There are additional branching rules that can also kick in. You can still follow these basic branching rules of radii and lengths, but if you change the angles at which they branch this will result in a tremendously different looking tree.

So why do these rules exist in the first place? We have proposed that all tree architectures are the result of natural selection acting on the scaling of resource uptake and resource distribution. Our theory predicts that whole-plant carbon and water fluxes, net primary production, and population density should also be characterized by similar scaling functions. Natural selection would select for shapes of trees that, as they grow from seedling to adult plant, solve two important problems: taking in as much resources such as light, water and nutrients as possible, while transporting resources within the plant with as little work as possible.

There are these two conflicting evolutionary pressures on the architectures of trees. In biology we call this a trade-off. For plants the question is how to get food, or resources, with as little work as possible. Work is transporting nutrients and water through internal tissues called xylem and phloem, and the less energy they have to expend to transport nutrients, the more they have for growth and reproduction. Ultimately, natural selection has fine-tuned the rules that govern plants’ internal and external frameworks to a simple repeating pattern coded for by their DNA. The external branching network governs a plant’s shape, which determines the number of leaves on a tree, which then also influences how much carbon is fluxed within the tree.

Biology is basically all about trees. It turns out that the organization and design of biological networks are all around us. We have cardiovascular systems, we have neural systems, we have plant vascular networks. Biological trees are built around common themes in the geometry of vascular networks. Vascular networks flux resources, and resources are basically what maintain us. The speed at which you’re able to flux resources will then influence the speed of your physiology: How fast you grow, how long it will take you to reach reproductive maturity, how long ultimately organisms live. In the case of trees, how much carbon dioxide they are able to absorb from the atmosphere. If you understand the organization of vascular networks you can actually predict an enormous amount about the functioning of organisms.

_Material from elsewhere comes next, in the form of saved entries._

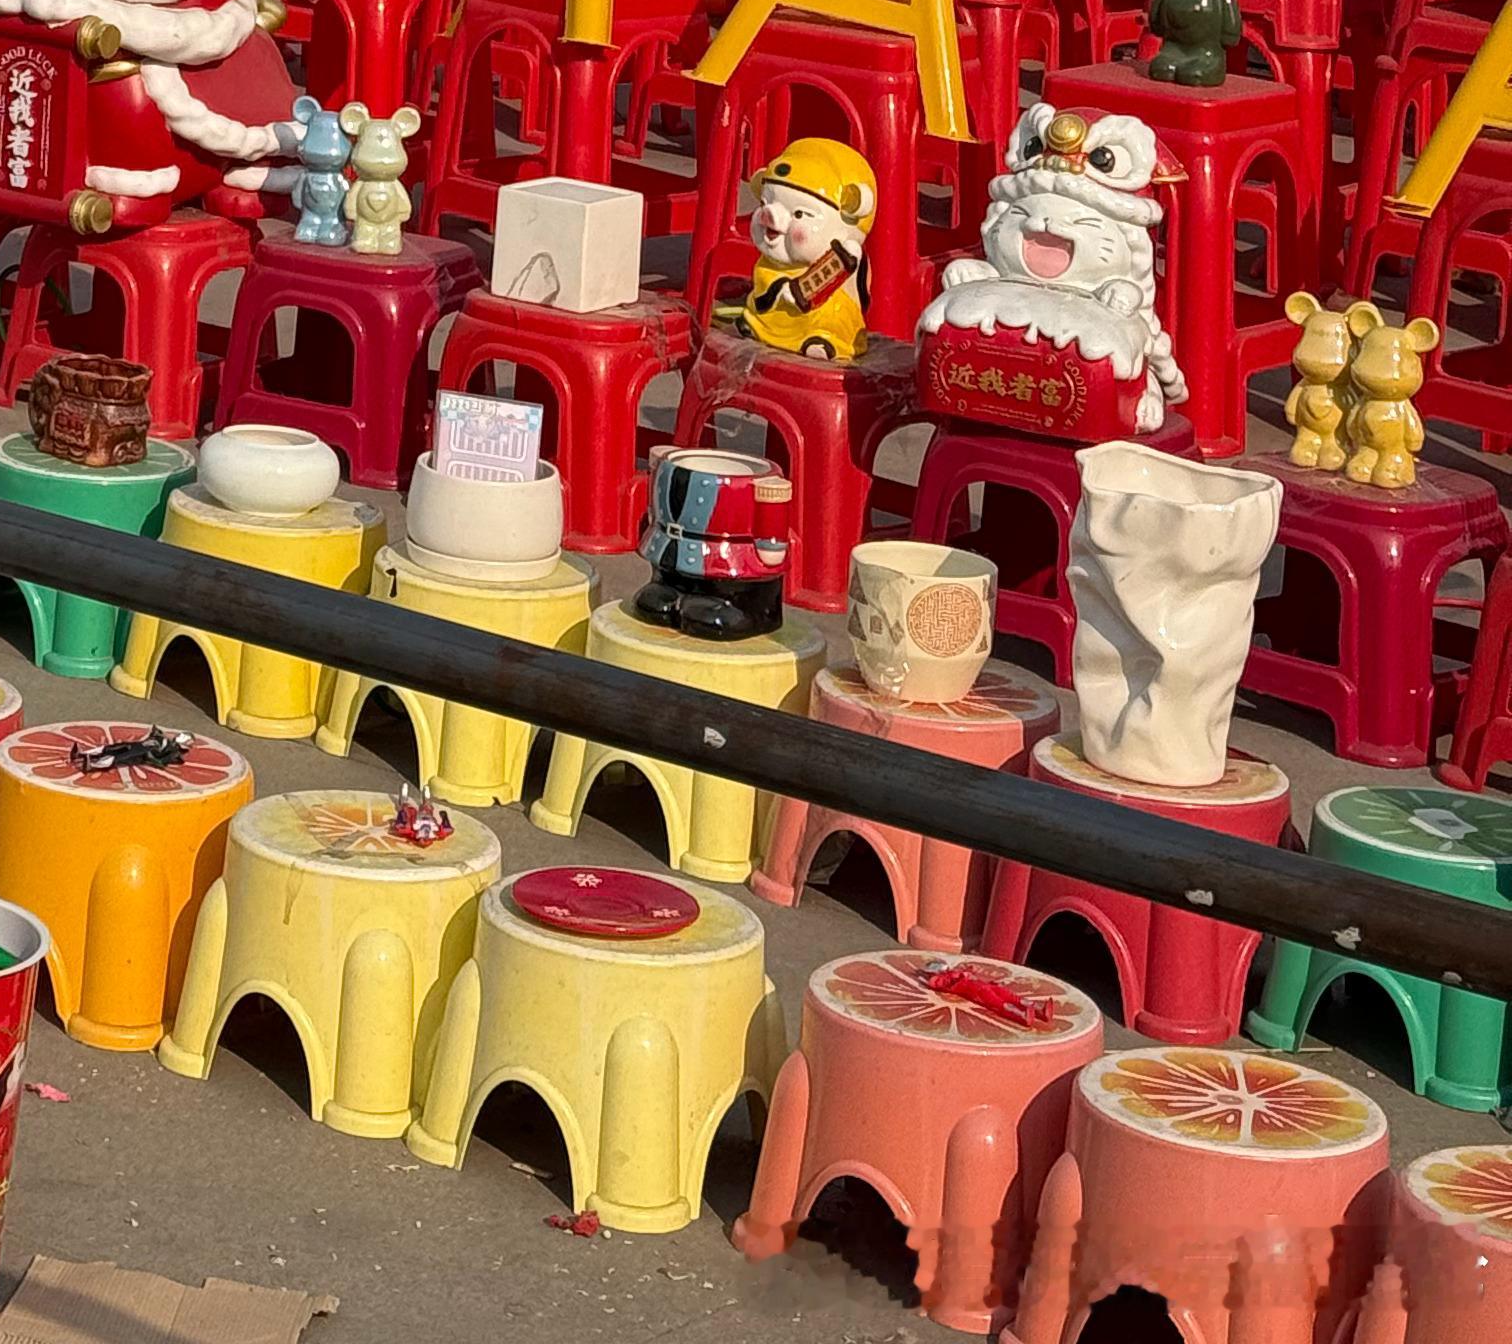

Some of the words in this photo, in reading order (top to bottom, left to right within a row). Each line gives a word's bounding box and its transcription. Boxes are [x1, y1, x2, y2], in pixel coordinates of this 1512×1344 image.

[28, 48, 59, 81] LUCK
[4, 68, 39, 189] 近我者富
[948, 362, 1067, 408] 近我者富
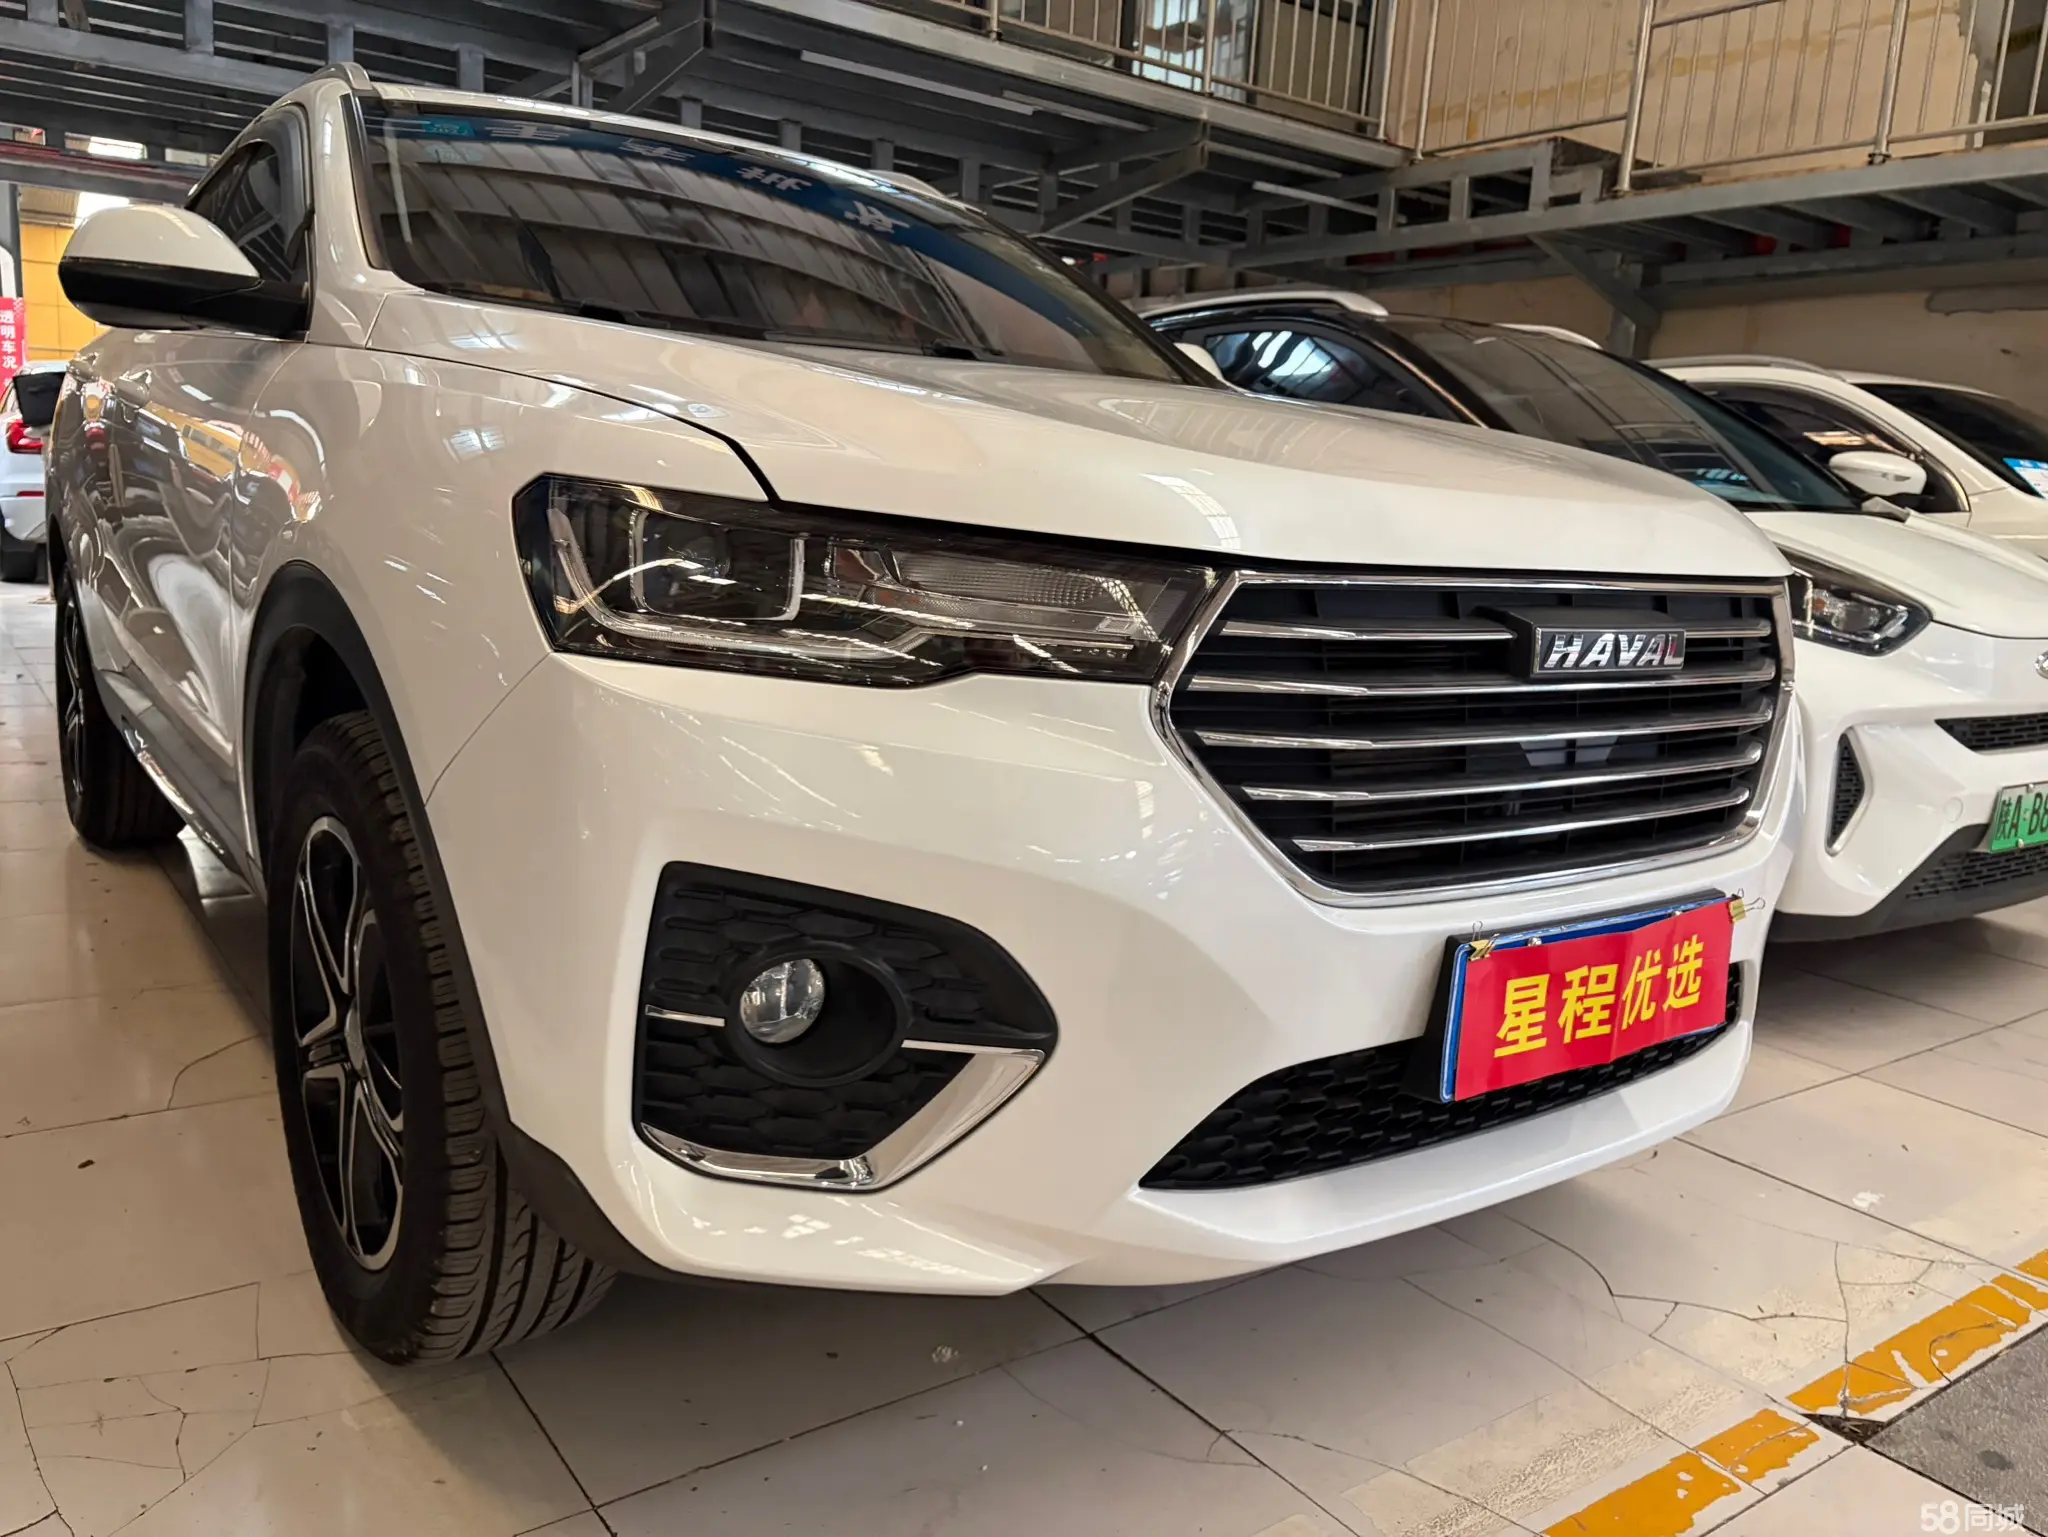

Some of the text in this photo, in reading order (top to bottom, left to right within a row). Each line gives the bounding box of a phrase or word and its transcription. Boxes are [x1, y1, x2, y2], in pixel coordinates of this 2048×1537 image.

[0, 310, 18, 369] 透明车况
[1544, 633, 1685, 668] HAVAL
[1494, 933, 1704, 1059] 星程优选

Because nearly all plants grow by the same network rules, we can scale up these rules to make accurate predictions about the functioning of an entire forest. In a forest, where resources such as sunlight and water are limited, trees compete with each other to get as much of what they need to live and grow as possible. The result is a fractal-like filling of the forest space, with a few large trees taking up most of the resources and many small trees filling in the cracks. The ratio of big trees to little trees in a forest turns out to be the same as the ratio of big branches to little branches on a single tree from that forest. From this we can determine many aspects of how entire forests work. If we know something about these branching rules we can start saying something about what may happen in the future. These branching patterns are so prevalent that they will govern and influence how plants respond in a changing world.